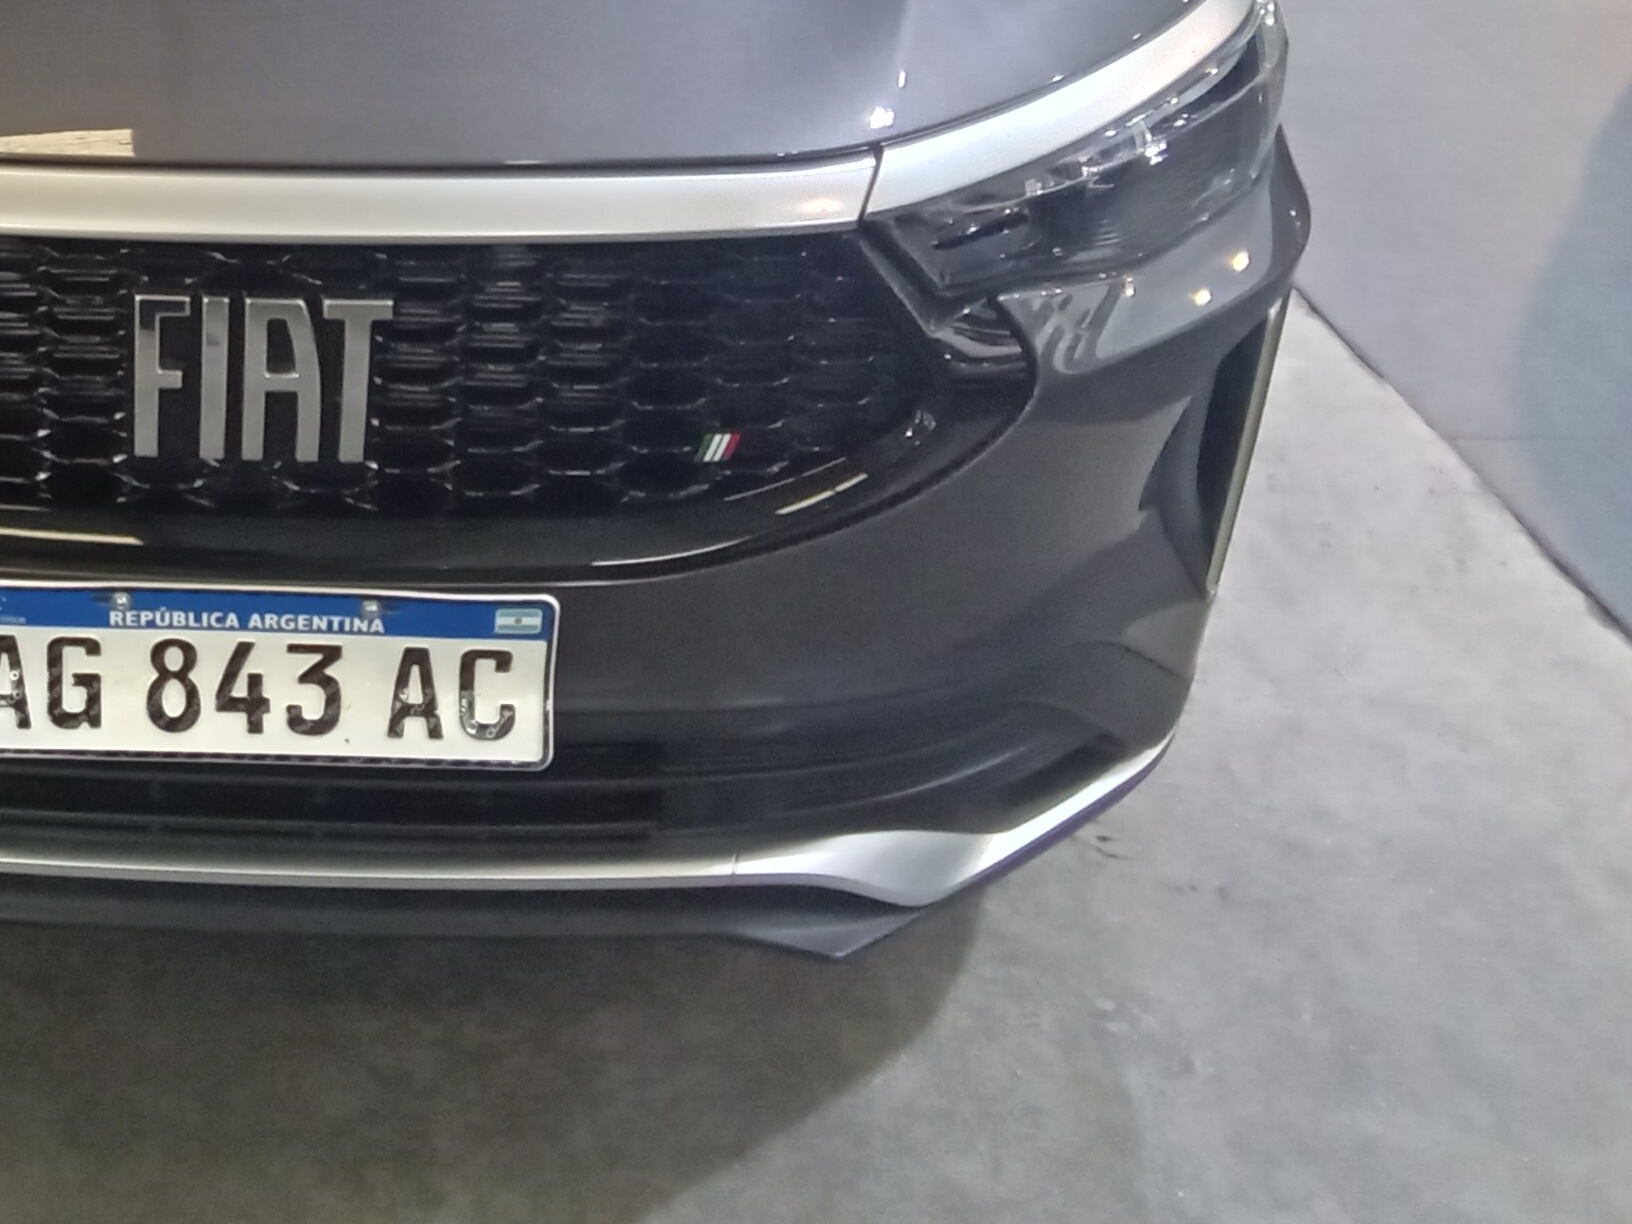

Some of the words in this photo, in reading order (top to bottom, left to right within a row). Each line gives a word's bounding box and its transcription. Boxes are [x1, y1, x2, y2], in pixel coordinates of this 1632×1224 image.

[134, 294, 394, 463] FIAT
[109, 606, 240, 628] REPÚBLICA
[247, 612, 386, 633] ARGENTINA
[146, 638, 343, 736] 843
[387, 647, 515, 741] AC

※

What you give back must match the material word for word, with no images included.

PROBLEM SOLUTION:
Some of the words in this photo, in reading order (top to bottom, left to right within a row). Each line gives a word's bounding box and its transcription. Boxes are [x1, y1, x2, y2], in pixel coordinates of this 1632×1224 image.

[134, 294, 394, 463] FIAT
[109, 606, 240, 628] REPÚBLICA
[247, 612, 386, 633] ARGENTINA
[146, 638, 343, 736] 843
[387, 647, 515, 741] AC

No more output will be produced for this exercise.